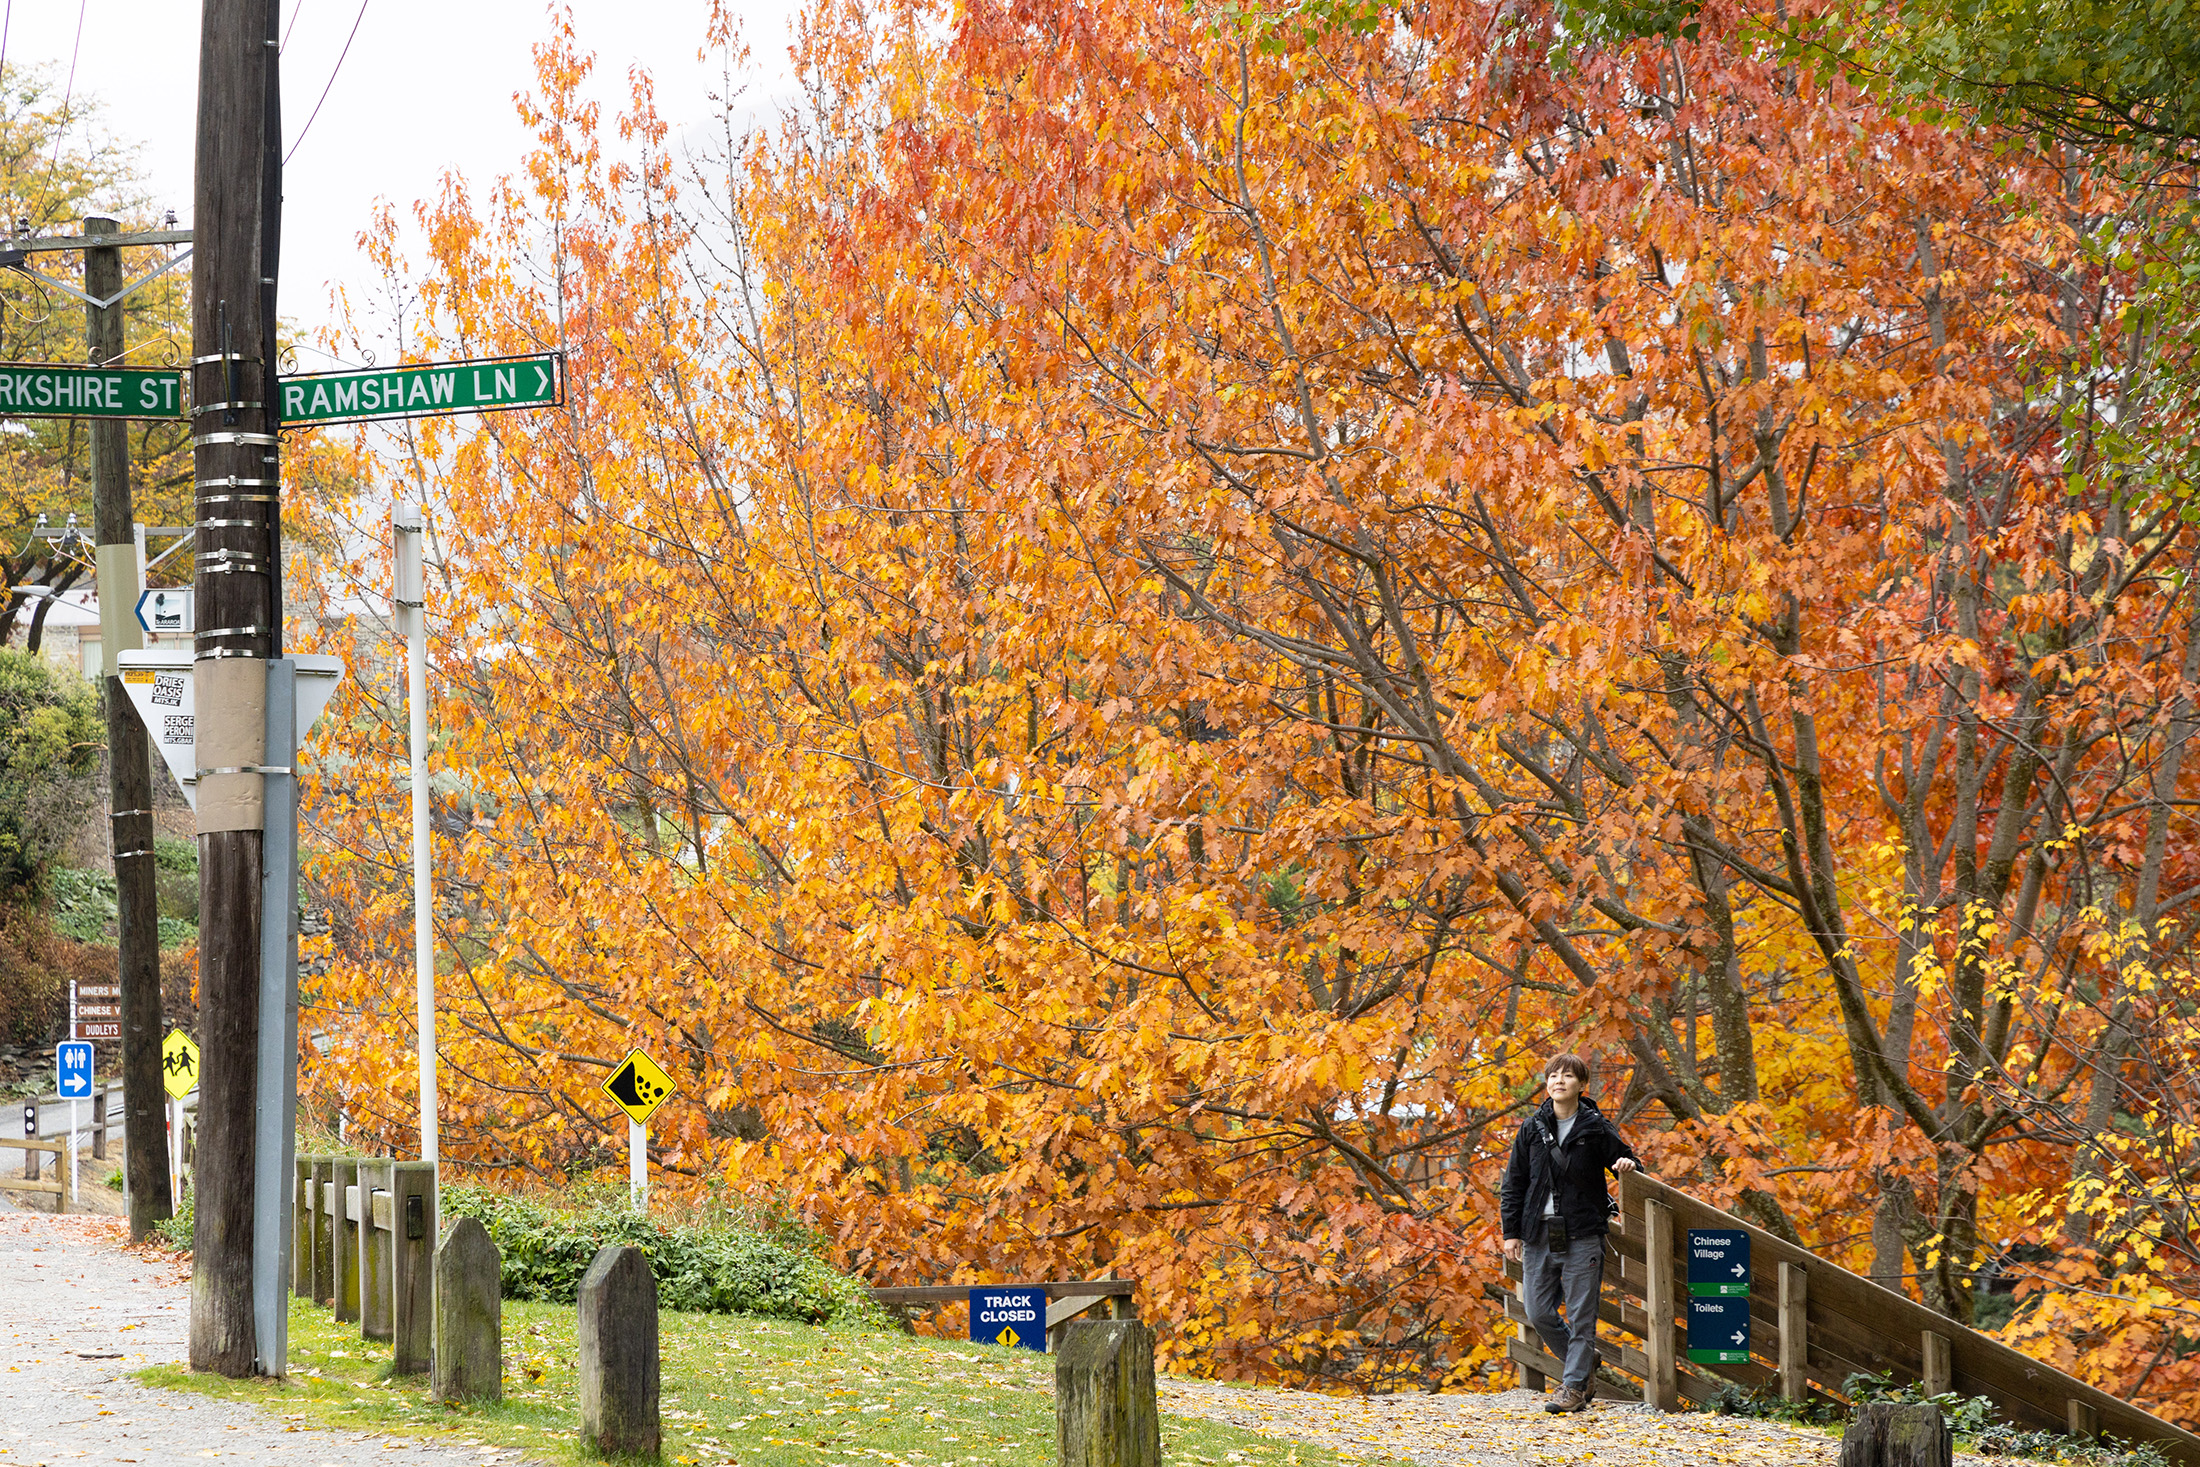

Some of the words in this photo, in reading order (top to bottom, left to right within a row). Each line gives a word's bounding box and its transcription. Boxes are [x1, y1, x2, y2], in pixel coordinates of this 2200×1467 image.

[139, 378, 178, 409] ST
[284, 372, 456, 417] RAMSHAW
[473, 367, 517, 401] LN
[155, 676, 184, 688] DRIES
[153, 685, 182, 698] OASIS
[164, 716, 194, 726] SERGE
[164, 726, 193, 736] PERONI
[79, 986, 109, 996] MINERS
[78, 1005, 111, 1015] CHINESE
[1693, 1236, 1731, 1246] Chinese
[1693, 1249, 1725, 1260] Village
[984, 1295, 1032, 1308] TRACK
[1693, 1303, 1724, 1313] Toilets
[980, 1310, 1036, 1323] CLOSED
****
Reproduce the listing exactly, minus its pictures.

Some of the words in this photo, in reading order (top to bottom, left to right within a row). Each line gives a word's bounding box and its transcription. Boxes are [x1, y1, x2, y2], in pixel coordinates of this 2200×1467 image.

[139, 378, 178, 409] ST
[284, 372, 456, 417] RAMSHAW
[473, 367, 517, 401] LN
[155, 676, 184, 688] DRIES
[153, 685, 182, 698] OASIS
[164, 716, 194, 726] SERGE
[164, 726, 193, 736] PERONI
[79, 986, 109, 996] MINERS
[78, 1005, 111, 1015] CHINESE
[1693, 1236, 1731, 1246] Chinese
[1693, 1249, 1725, 1260] Village
[984, 1295, 1032, 1308] TRACK
[1693, 1303, 1724, 1313] Toilets
[980, 1310, 1036, 1323] CLOSED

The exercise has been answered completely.